For Franklin et al, failure mechanism of glenoid implant was associated with rotator cuff tear, and the humeral head applies eccentrical forces onto the glenoid rim. However, for Augereau et al. [31], partial or isolated supraspinatus tear does not contraindicated the use of TSA.

Positioning of glenoid implant also proved to be critical for TSA results. In 2012, Gregory et al. published a series of 29 total shoulder prostheses [32], for which the glenoid orientation was assessed on preoperative and postoperative CT-scans. On post-operative CT-scan, the error of glenoid placement related to the standard position was on average 12 degrees in each space direction (version, inclination or rotation, Fig. (4)). With respect retroversion, the glenoid was “properly” positioned, i.e. positioned in the maximum bone axis of the glenoid vault, in only 25% of the cases. Several authors have studied the effect of positioning errors on the implants loosening. Farron et al. [33], in 2006, showed that retroversion of the glenoid implant involved a posterior subluxation of the humeral head. Then Ho et al. [34], in 2013, found an association between implant retroversion and appearance of osteolysis around the fixation. The posterior instability of the shoulder has a multi factorial origin. One of the causes is a glenoid implant malposition [3].

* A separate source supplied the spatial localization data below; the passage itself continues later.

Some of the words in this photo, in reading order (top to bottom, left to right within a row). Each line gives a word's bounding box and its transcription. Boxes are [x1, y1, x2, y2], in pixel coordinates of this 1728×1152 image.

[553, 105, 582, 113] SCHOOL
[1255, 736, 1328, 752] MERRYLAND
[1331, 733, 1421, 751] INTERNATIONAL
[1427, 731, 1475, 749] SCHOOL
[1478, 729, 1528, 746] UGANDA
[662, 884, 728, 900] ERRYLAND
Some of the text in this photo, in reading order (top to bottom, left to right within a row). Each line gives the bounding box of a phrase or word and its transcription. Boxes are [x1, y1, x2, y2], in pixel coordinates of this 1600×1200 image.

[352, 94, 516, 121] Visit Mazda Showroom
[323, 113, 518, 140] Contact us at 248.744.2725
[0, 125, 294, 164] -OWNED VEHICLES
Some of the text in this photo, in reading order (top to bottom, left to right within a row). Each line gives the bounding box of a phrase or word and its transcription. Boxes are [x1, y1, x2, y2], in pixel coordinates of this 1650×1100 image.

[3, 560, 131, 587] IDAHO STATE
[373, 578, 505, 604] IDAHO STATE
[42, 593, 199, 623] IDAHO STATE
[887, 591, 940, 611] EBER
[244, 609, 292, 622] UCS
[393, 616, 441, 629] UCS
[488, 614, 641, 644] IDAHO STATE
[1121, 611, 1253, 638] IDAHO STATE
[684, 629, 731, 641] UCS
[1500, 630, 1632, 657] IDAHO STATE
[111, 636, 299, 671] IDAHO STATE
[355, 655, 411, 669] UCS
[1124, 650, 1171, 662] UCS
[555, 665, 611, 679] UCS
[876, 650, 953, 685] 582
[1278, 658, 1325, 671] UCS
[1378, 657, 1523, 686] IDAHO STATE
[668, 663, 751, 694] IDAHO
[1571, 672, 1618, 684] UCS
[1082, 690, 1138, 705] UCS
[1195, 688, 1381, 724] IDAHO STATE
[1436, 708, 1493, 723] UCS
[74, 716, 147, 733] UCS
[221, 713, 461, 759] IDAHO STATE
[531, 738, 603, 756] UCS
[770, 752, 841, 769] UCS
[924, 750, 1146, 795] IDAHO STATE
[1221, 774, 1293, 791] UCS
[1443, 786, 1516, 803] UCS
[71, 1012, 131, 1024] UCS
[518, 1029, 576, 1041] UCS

Finally, quality of primary fixation of the glenoid implant appears to be a major factor involved in loosening. In 2009, Gregory et al. performed a cadaveric study involving six models of glenoid implants [35], subjected to artificial constraints. They demonstrated that failure appears first at the cement-implant interface. This mechanical failure is rarely associated with loosening because of the retentive nature of cement. Still in the same study, a second failure in the cement-bone interface secondarily appeared and progressed more or less quickly toward central fixation, leading to loosening. The rate of appearance and spread of this depends on the quality of the cementing technic. For example, poor washing and drying of the bone before setting up cement, or without cementing pressure, are both low quality items. Another example is that loosening appears earlier in the rheumatoid arthritis than simple osteoarthritis. One reason, supported by Strauss et al. [36], is the existence of an inflammatory bone of lower quality.

Fig. (4). Positioning in retroversion (12°) of the glenoid leading to rocking horse effect in the AP direction with humeral head posterior subluxation and ultimately to glenoid loosening.